▸ **Task description**: Each entry must be printed again without a single change.

Dataset entries:
::::

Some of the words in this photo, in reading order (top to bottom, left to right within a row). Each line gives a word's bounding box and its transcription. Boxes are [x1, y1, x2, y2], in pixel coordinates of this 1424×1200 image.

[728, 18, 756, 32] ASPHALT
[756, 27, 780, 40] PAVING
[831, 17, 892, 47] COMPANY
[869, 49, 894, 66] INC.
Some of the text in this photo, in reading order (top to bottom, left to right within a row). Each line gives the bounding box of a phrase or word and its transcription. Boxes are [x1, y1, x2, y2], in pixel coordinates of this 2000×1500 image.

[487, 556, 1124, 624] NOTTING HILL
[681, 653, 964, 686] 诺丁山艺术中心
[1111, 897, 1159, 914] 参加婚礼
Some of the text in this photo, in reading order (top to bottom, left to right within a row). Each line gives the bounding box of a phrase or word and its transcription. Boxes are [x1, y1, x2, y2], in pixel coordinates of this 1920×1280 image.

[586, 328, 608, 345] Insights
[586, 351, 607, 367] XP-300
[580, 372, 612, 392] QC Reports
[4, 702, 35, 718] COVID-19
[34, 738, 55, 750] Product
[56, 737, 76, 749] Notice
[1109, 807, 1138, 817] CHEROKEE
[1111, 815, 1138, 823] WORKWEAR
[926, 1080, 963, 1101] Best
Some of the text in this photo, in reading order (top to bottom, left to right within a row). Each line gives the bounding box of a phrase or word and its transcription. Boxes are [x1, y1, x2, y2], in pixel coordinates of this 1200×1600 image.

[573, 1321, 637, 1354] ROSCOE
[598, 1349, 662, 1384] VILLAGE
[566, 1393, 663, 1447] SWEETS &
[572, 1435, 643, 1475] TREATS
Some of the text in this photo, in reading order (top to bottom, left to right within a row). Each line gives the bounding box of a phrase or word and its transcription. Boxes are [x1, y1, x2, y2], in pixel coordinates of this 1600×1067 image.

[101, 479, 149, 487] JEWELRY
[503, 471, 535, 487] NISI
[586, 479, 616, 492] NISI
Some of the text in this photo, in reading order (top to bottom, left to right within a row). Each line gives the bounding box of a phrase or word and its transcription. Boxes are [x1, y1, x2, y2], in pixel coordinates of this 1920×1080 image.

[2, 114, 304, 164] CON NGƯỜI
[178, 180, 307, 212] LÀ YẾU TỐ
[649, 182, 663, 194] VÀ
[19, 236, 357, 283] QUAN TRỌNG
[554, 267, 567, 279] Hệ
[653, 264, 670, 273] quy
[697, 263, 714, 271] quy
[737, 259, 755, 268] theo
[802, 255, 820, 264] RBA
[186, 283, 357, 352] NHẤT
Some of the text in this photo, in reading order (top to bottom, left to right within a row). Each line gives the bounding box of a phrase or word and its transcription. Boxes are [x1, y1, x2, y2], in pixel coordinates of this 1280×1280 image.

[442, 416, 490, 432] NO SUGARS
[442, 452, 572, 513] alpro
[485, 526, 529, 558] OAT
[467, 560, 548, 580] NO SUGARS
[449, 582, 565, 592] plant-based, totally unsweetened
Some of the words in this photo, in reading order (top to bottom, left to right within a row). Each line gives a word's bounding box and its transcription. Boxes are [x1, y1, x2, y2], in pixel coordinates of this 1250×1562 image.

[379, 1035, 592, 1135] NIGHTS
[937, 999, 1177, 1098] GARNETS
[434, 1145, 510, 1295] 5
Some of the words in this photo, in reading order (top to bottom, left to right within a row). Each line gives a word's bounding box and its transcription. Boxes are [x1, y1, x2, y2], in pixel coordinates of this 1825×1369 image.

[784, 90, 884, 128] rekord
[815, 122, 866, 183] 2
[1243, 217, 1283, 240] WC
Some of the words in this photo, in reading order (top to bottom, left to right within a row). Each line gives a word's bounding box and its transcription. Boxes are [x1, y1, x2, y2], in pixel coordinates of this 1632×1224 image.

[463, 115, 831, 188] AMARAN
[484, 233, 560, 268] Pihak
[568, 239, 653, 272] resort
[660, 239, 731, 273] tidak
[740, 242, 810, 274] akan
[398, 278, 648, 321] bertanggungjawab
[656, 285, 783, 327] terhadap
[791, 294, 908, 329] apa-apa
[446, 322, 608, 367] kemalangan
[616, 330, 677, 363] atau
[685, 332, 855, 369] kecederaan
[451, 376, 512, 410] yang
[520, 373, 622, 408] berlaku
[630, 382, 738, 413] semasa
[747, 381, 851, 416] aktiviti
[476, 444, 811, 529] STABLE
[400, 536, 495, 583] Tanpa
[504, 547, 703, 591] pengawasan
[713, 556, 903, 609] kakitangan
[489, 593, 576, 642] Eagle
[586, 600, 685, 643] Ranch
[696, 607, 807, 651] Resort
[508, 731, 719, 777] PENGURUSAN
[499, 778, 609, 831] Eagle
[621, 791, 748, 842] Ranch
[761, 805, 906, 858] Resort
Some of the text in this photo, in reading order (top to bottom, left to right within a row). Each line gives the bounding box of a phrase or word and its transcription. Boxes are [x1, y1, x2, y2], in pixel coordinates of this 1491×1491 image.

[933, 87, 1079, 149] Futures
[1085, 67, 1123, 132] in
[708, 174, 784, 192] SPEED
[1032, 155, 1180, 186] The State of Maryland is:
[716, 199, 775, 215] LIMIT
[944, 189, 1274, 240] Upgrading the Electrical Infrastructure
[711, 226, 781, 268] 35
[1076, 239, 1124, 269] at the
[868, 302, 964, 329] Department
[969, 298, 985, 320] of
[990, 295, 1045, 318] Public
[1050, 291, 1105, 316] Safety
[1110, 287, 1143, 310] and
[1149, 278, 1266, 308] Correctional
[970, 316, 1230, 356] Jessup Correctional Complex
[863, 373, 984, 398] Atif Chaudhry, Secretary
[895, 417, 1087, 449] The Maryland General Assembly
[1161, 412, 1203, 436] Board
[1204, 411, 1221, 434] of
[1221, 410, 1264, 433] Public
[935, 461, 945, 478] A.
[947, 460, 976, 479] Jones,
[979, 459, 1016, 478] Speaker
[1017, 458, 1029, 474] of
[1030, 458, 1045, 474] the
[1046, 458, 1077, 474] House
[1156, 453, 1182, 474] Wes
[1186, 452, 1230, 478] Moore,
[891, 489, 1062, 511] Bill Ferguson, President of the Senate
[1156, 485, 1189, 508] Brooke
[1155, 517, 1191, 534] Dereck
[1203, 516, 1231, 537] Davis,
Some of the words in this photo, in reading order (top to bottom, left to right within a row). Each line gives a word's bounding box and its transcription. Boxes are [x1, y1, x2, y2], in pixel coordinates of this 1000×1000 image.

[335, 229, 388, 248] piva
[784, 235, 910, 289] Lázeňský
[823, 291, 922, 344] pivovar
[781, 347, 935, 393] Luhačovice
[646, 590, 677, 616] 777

::::

▸ **Solution for this problem**:
Some of the words in this photo, in reading order (top to bottom, left to right within a row). Each line gives a word's bounding box and its transcription. Boxes are [x1, y1, x2, y2], in pixel coordinates of this 1424×1200 image.

[728, 18, 756, 32] ASPHALT
[756, 27, 780, 40] PAVING
[831, 17, 892, 47] COMPANY
[869, 49, 894, 66] INC.
Some of the text in this photo, in reading order (top to bottom, left to right within a row). Each line gives the bounding box of a phrase or word and its transcription. Boxes are [x1, y1, x2, y2], in pixel coordinates of this 2000×1500 image.

[487, 556, 1124, 624] NOTTING HILL
[681, 653, 964, 686] 诺丁山艺术中心
[1111, 897, 1159, 914] 参加婚礼
Some of the text in this photo, in reading order (top to bottom, left to right within a row). Each line gives the bounding box of a phrase or word and its transcription. Boxes are [x1, y1, x2, y2], in pixel coordinates of this 1920×1280 image.

[586, 328, 608, 345] Insights
[586, 351, 607, 367] XP-300
[580, 372, 612, 392] QC Reports
[4, 702, 35, 718] COVID-19
[34, 738, 55, 750] Product
[56, 737, 76, 749] Notice
[1109, 807, 1138, 817] CHEROKEE
[1111, 815, 1138, 823] WORKWEAR
[926, 1080, 963, 1101] Best
Some of the text in this photo, in reading order (top to bottom, left to right within a row). Each line gives the bounding box of a phrase or word and its transcription. Boxes are [x1, y1, x2, y2], in pixel coordinates of this 1200×1600 image.

[573, 1321, 637, 1354] ROSCOE
[598, 1349, 662, 1384] VILLAGE
[566, 1393, 663, 1447] SWEETS &
[572, 1435, 643, 1475] TREATS
Some of the text in this photo, in reading order (top to bottom, left to right within a row). Each line gives the bounding box of a phrase or word and its transcription. Boxes are [x1, y1, x2, y2], in pixel coordinates of this 1600×1067 image.

[101, 479, 149, 487] JEWELRY
[503, 471, 535, 487] NISI
[586, 479, 616, 492] NISI
Some of the text in this photo, in reading order (top to bottom, left to right within a row). Each line gives the bounding box of a phrase or word and its transcription. Boxes are [x1, y1, x2, y2], in pixel coordinates of this 1920×1080 image.

[2, 114, 304, 164] CON NGƯỜI
[178, 180, 307, 212] LÀ YẾU TỐ
[649, 182, 663, 194] VÀ
[19, 236, 357, 283] QUAN TRỌNG
[554, 267, 567, 279] Hệ
[653, 264, 670, 273] quy
[697, 263, 714, 271] quy
[737, 259, 755, 268] theo
[802, 255, 820, 264] RBA
[186, 283, 357, 352] NHẤT
Some of the text in this photo, in reading order (top to bottom, left to right within a row). Each line gives the bounding box of a phrase or word and its transcription. Boxes are [x1, y1, x2, y2], in pixel coordinates of this 1280×1280 image.

[442, 416, 490, 432] NO SUGARS
[442, 452, 572, 513] alpro
[485, 526, 529, 558] OAT
[467, 560, 548, 580] NO SUGARS
[449, 582, 565, 592] plant-based, totally unsweetened
Some of the words in this photo, in reading order (top to bottom, left to right within a row). Each line gives a word's bounding box and its transcription. Boxes are [x1, y1, x2, y2], in pixel coordinates of this 1250×1562 image.

[379, 1035, 592, 1135] NIGHTS
[937, 999, 1177, 1098] GARNETS
[434, 1145, 510, 1295] 5
Some of the words in this photo, in reading order (top to bottom, left to right within a row). Each line gives a word's bounding box and its transcription. Boxes are [x1, y1, x2, y2], in pixel coordinates of this 1825×1369 image.

[784, 90, 884, 128] rekord
[815, 122, 866, 183] 2
[1243, 217, 1283, 240] WC
Some of the words in this photo, in reading order (top to bottom, left to right within a row). Each line gives a word's bounding box and its transcription. Boxes are [x1, y1, x2, y2], in pixel coordinates of this 1632×1224 image.

[463, 115, 831, 188] AMARAN
[484, 233, 560, 268] Pihak
[568, 239, 653, 272] resort
[660, 239, 731, 273] tidak
[740, 242, 810, 274] akan
[398, 278, 648, 321] bertanggungjawab
[656, 285, 783, 327] terhadap
[791, 294, 908, 329] apa-apa
[446, 322, 608, 367] kemalangan
[616, 330, 677, 363] atau
[685, 332, 855, 369] kecederaan
[451, 376, 512, 410] yang
[520, 373, 622, 408] berlaku
[630, 382, 738, 413] semasa
[747, 381, 851, 416] aktiviti
[476, 444, 811, 529] STABLE
[400, 536, 495, 583] Tanpa
[504, 547, 703, 591] pengawasan
[713, 556, 903, 609] kakitangan
[489, 593, 576, 642] Eagle
[586, 600, 685, 643] Ranch
[696, 607, 807, 651] Resort
[508, 731, 719, 777] PENGURUSAN
[499, 778, 609, 831] Eagle
[621, 791, 748, 842] Ranch
[761, 805, 906, 858] Resort
Some of the text in this photo, in reading order (top to bottom, left to right within a row). Each line gives the bounding box of a phrase or word and its transcription. Boxes are [x1, y1, x2, y2], in pixel coordinates of this 1491×1491 image.

[933, 87, 1079, 149] Futures
[1085, 67, 1123, 132] in
[708, 174, 784, 192] SPEED
[1032, 155, 1180, 186] The State of Maryland is:
[716, 199, 775, 215] LIMIT
[944, 189, 1274, 240] Upgrading the Electrical Infrastructure
[711, 226, 781, 268] 35
[1076, 239, 1124, 269] at the
[868, 302, 964, 329] Department
[969, 298, 985, 320] of
[990, 295, 1045, 318] Public
[1050, 291, 1105, 316] Safety
[1110, 287, 1143, 310] and
[1149, 278, 1266, 308] Correctional
[970, 316, 1230, 356] Jessup Correctional Complex
[863, 373, 984, 398] Atif Chaudhry, Secretary
[895, 417, 1087, 449] The Maryland General Assembly
[1161, 412, 1203, 436] Board
[1204, 411, 1221, 434] of
[1221, 410, 1264, 433] Public
[935, 461, 945, 478] A.
[947, 460, 976, 479] Jones,
[979, 459, 1016, 478] Speaker
[1017, 458, 1029, 474] of
[1030, 458, 1045, 474] the
[1046, 458, 1077, 474] House
[1156, 453, 1182, 474] Wes
[1186, 452, 1230, 478] Moore,
[891, 489, 1062, 511] Bill Ferguson, President of the Senate
[1156, 485, 1189, 508] Brooke
[1155, 517, 1191, 534] Dereck
[1203, 516, 1231, 537] Davis,
Some of the words in this photo, in reading order (top to bottom, left to right within a row). Each line gives a word's bounding box and its transcription. Boxes are [x1, y1, x2, y2], in pixel coordinates of this 1000×1000 image.

[335, 229, 388, 248] piva
[784, 235, 910, 289] Lázeňský
[823, 291, 922, 344] pivovar
[781, 347, 935, 393] Luhačovice
[646, 590, 677, 616] 777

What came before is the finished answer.